● Saved entries:

#####

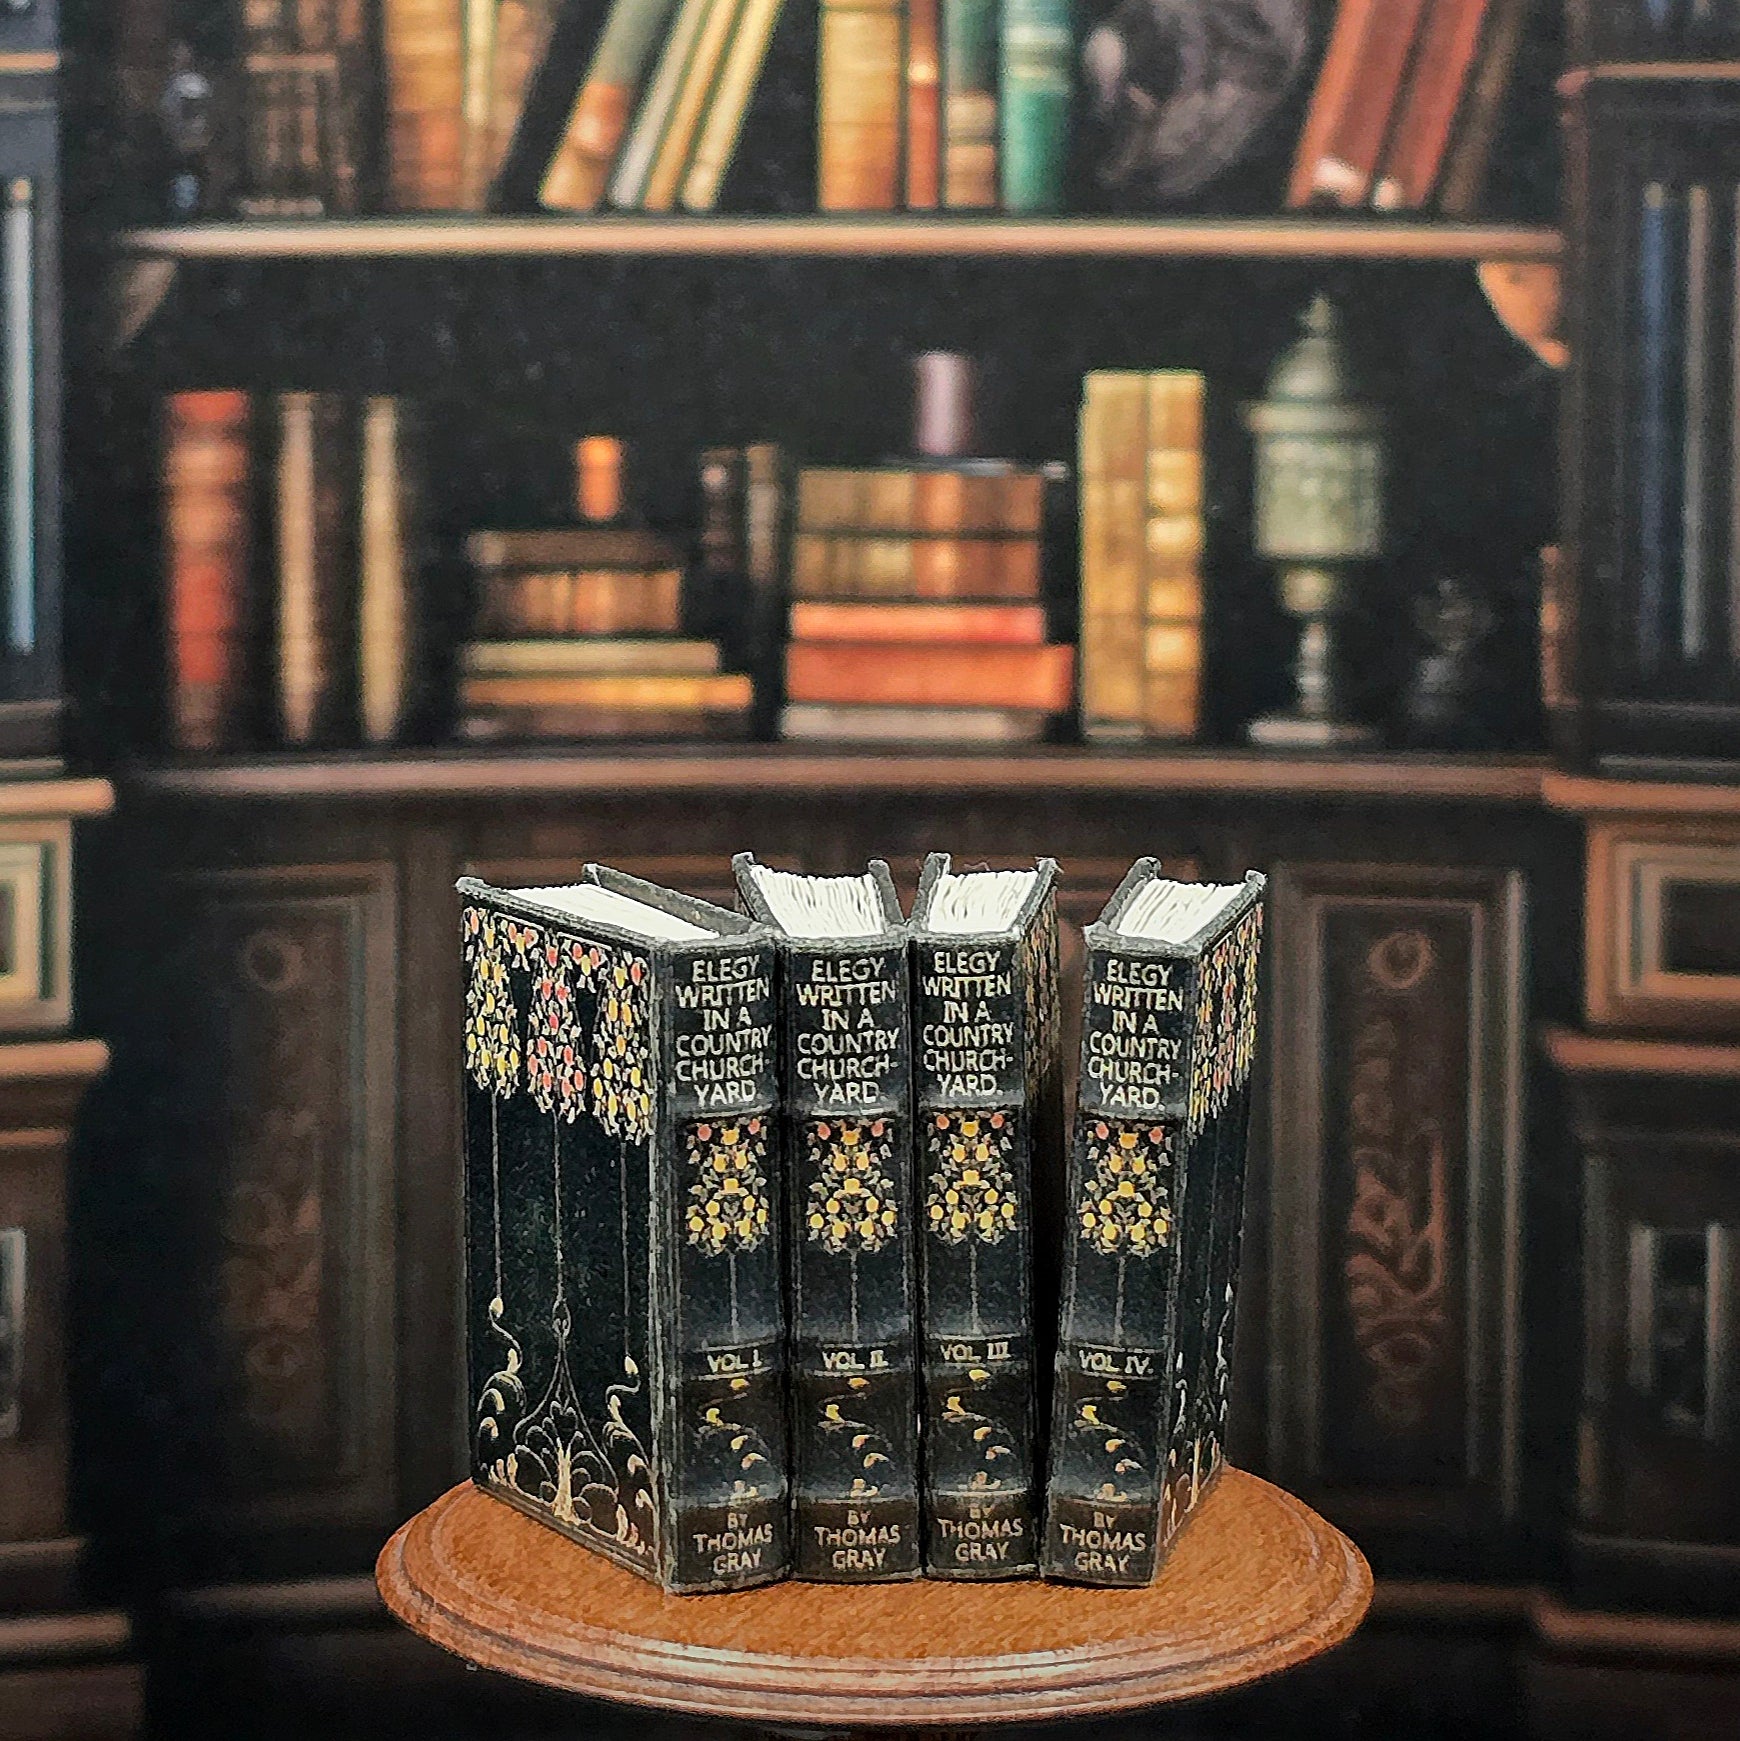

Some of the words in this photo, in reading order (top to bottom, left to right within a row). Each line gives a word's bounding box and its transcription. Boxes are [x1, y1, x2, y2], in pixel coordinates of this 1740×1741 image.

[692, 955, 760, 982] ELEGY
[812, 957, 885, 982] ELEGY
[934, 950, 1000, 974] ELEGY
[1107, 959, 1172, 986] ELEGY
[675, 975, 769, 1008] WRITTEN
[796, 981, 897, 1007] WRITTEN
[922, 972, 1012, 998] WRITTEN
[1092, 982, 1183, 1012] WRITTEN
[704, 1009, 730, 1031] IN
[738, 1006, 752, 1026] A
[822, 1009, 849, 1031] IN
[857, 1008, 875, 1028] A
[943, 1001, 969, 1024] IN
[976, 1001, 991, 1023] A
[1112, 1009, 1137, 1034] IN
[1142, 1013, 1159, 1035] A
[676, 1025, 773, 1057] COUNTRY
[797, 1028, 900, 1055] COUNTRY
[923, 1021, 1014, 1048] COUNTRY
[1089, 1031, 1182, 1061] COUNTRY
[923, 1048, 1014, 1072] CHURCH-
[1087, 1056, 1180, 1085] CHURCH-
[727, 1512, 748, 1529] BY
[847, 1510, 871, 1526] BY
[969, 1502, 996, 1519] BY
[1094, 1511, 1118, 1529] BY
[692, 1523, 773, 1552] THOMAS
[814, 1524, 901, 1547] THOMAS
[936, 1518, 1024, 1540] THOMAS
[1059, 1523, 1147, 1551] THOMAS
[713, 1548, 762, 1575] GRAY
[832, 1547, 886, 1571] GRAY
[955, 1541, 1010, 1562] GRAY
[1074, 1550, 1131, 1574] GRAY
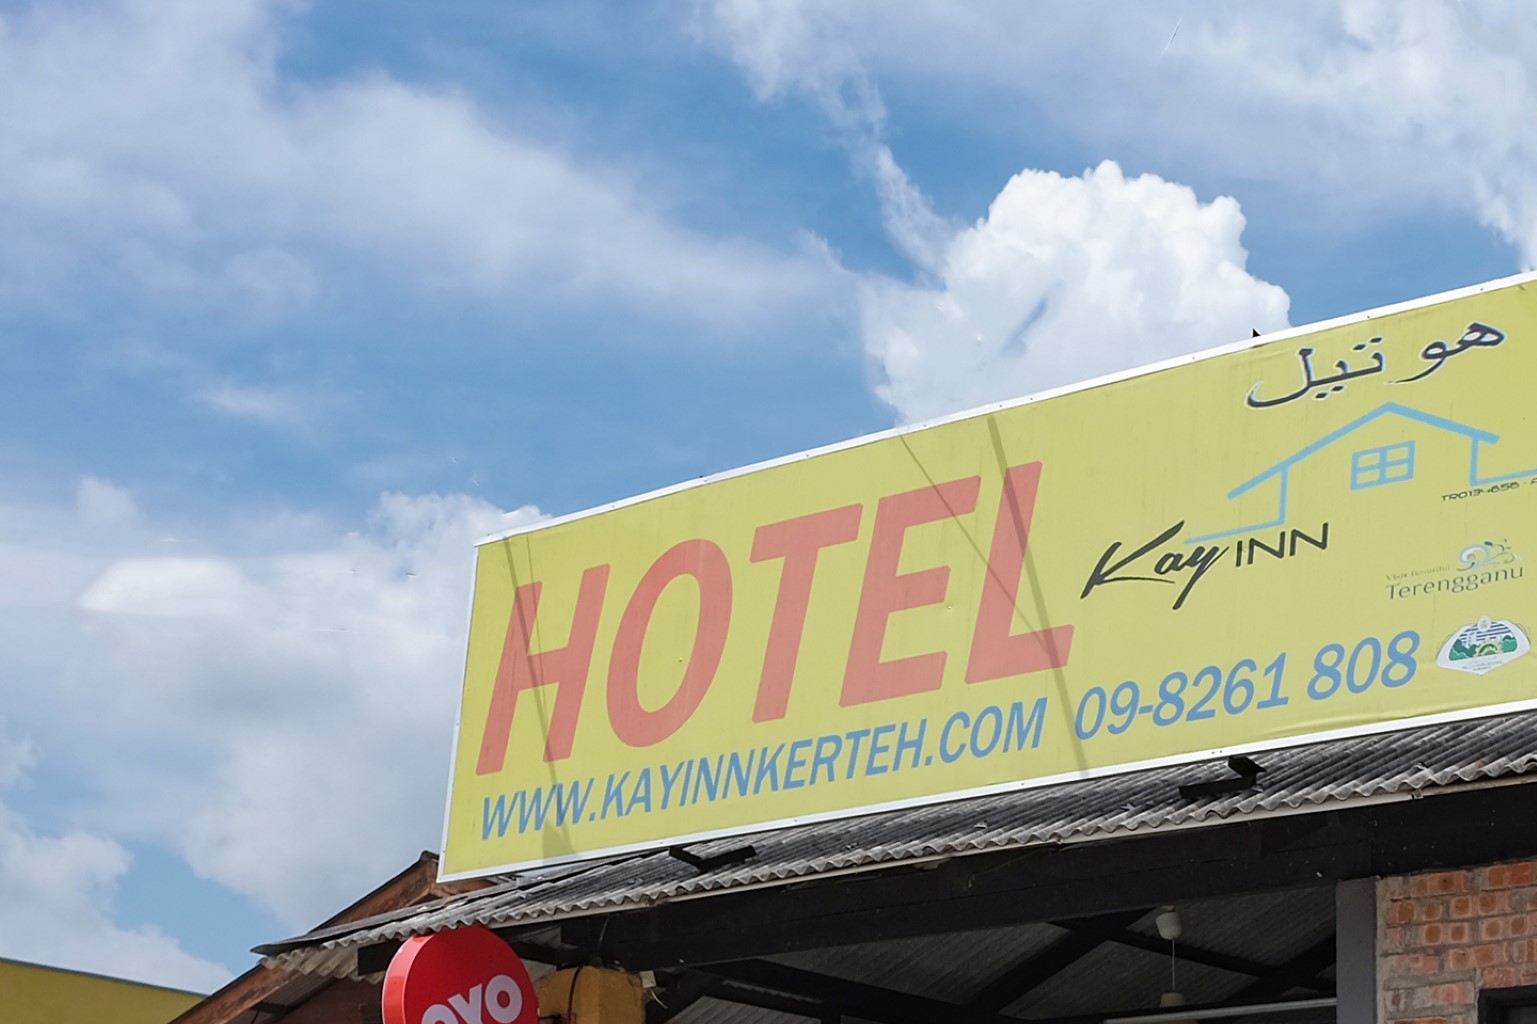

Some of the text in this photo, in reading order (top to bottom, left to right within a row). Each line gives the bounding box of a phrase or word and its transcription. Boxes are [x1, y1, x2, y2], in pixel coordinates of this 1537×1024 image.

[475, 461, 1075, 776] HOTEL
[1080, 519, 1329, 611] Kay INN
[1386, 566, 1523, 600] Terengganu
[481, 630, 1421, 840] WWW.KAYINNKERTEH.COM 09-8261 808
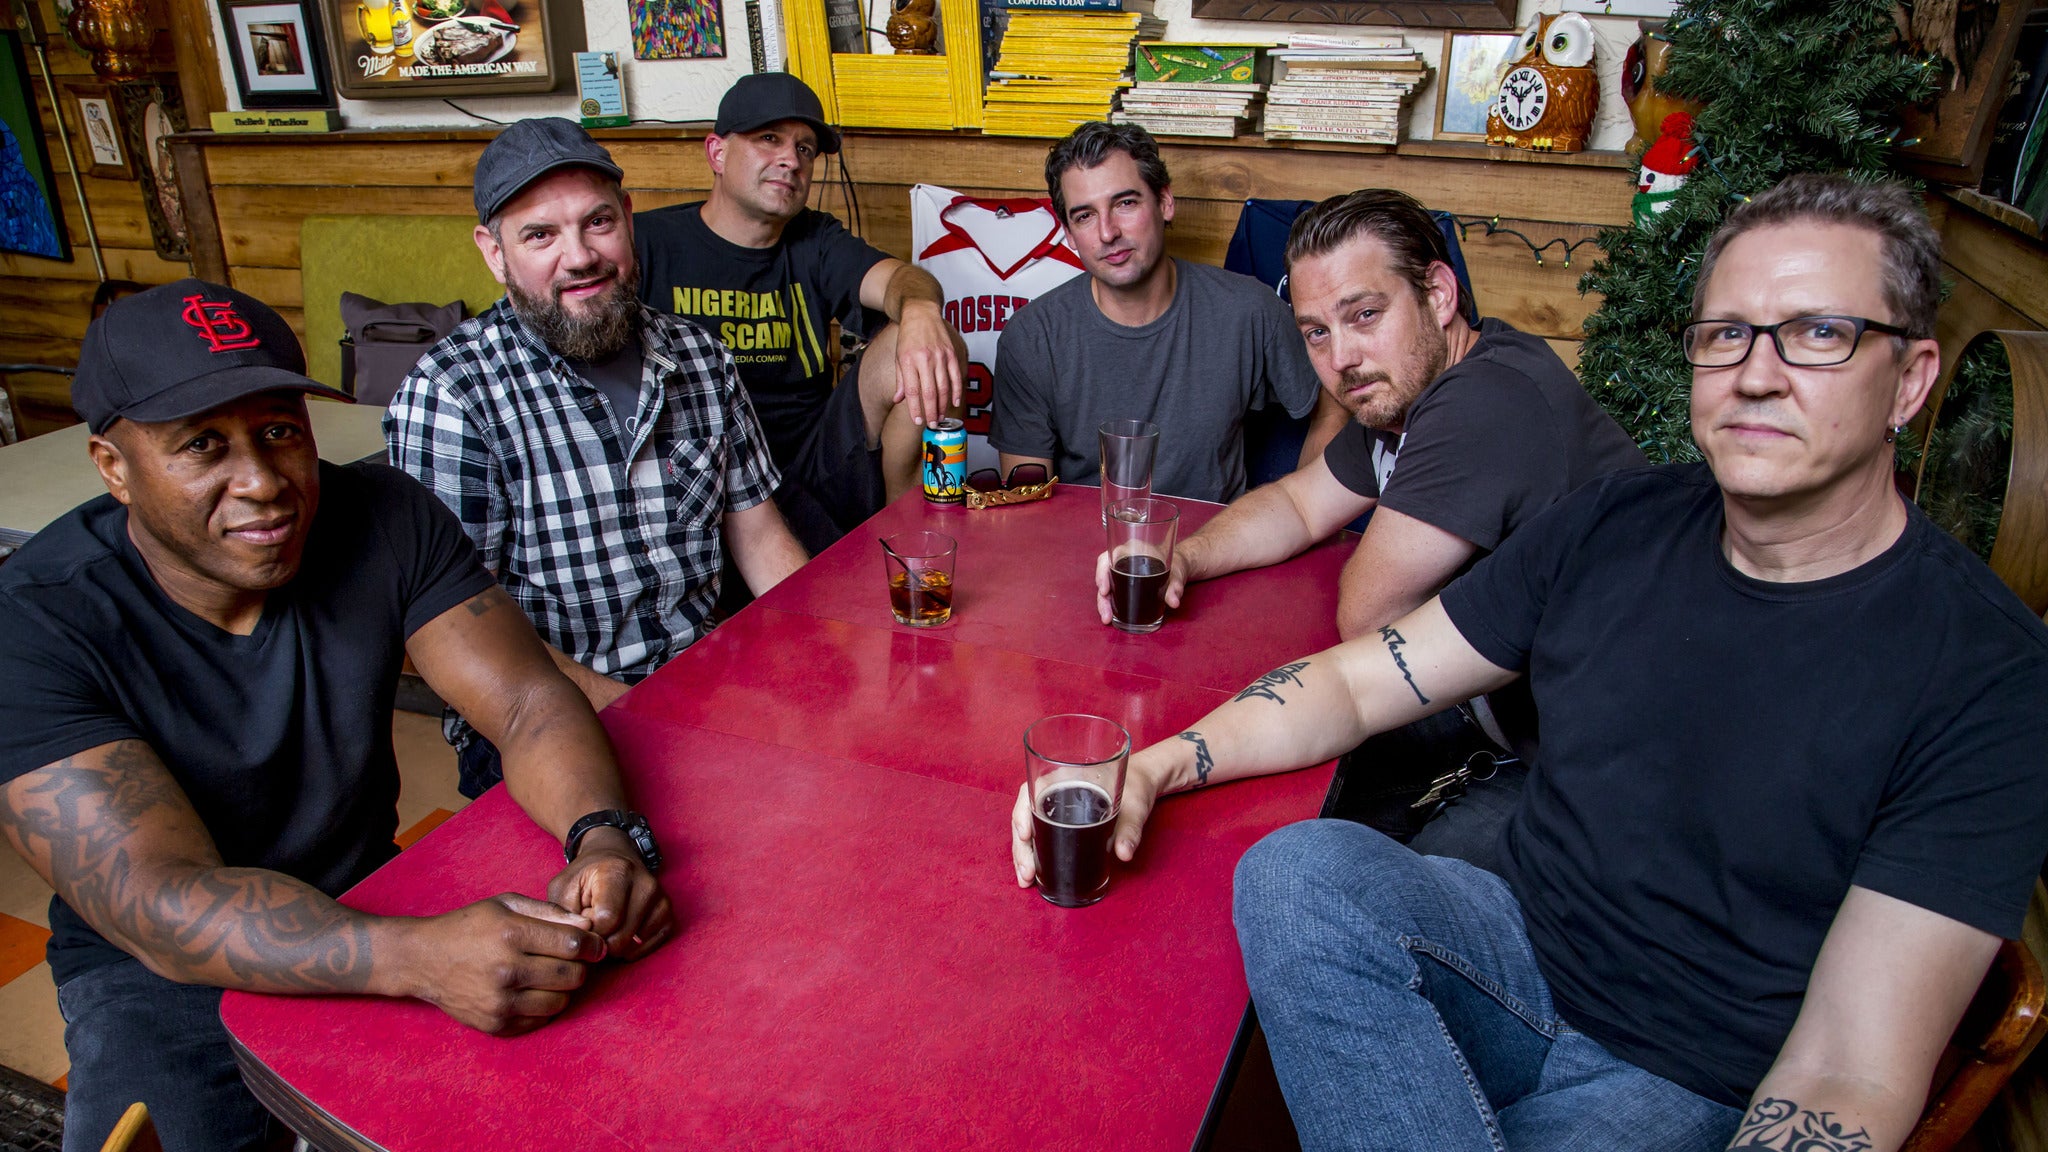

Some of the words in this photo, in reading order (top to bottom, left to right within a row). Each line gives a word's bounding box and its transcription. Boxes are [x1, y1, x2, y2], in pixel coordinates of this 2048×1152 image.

#####

● Goal of the exercise: Copy every record exactly as it appears, apart from any pictures.

● Exercise result:
Some of the words in this photo, in reading order (top to bottom, left to right within a row). Each line gives a word's bounding box and its transcription. Boxes are [x1, y1, x2, y2], in pixel coordinates of this 1740×1741 image.

[692, 955, 760, 982] ELEGY
[812, 957, 885, 982] ELEGY
[934, 950, 1000, 974] ELEGY
[1107, 959, 1172, 986] ELEGY
[675, 975, 769, 1008] WRITTEN
[796, 981, 897, 1007] WRITTEN
[922, 972, 1012, 998] WRITTEN
[1092, 982, 1183, 1012] WRITTEN
[704, 1009, 730, 1031] IN
[738, 1006, 752, 1026] A
[822, 1009, 849, 1031] IN
[857, 1008, 875, 1028] A
[943, 1001, 969, 1024] IN
[976, 1001, 991, 1023] A
[1112, 1009, 1137, 1034] IN
[1142, 1013, 1159, 1035] A
[676, 1025, 773, 1057] COUNTRY
[797, 1028, 900, 1055] COUNTRY
[923, 1021, 1014, 1048] COUNTRY
[1089, 1031, 1182, 1061] COUNTRY
[923, 1048, 1014, 1072] CHURCH-
[1087, 1056, 1180, 1085] CHURCH-
[727, 1512, 748, 1529] BY
[847, 1510, 871, 1526] BY
[969, 1502, 996, 1519] BY
[1094, 1511, 1118, 1529] BY
[692, 1523, 773, 1552] THOMAS
[814, 1524, 901, 1547] THOMAS
[936, 1518, 1024, 1540] THOMAS
[1059, 1523, 1147, 1551] THOMAS
[713, 1548, 762, 1575] GRAY
[832, 1547, 886, 1571] GRAY
[955, 1541, 1010, 1562] GRAY
[1074, 1550, 1131, 1574] GRAY

Some of the text in this photo, in reading order (top to bottom, left to right within a row). Each line gives the bounding box of a phrase or word and its transcription. Boxes are [x1, y1, x2, y2], in pixel coordinates of this 1537×1024 image.

[475, 461, 1075, 776] HOTEL
[1080, 519, 1329, 611] Kay INN
[1386, 566, 1523, 600] Terengganu
[481, 630, 1421, 840] WWW.KAYINNKERTEH.COM 09-8261 808

Some of the words in this photo, in reading order (top to bottom, left to right within a row). Each line gives a word's bounding box and its transcription. Boxes are [x1, y1, x2, y2], in pixel coordinates of this 2048×1152 image.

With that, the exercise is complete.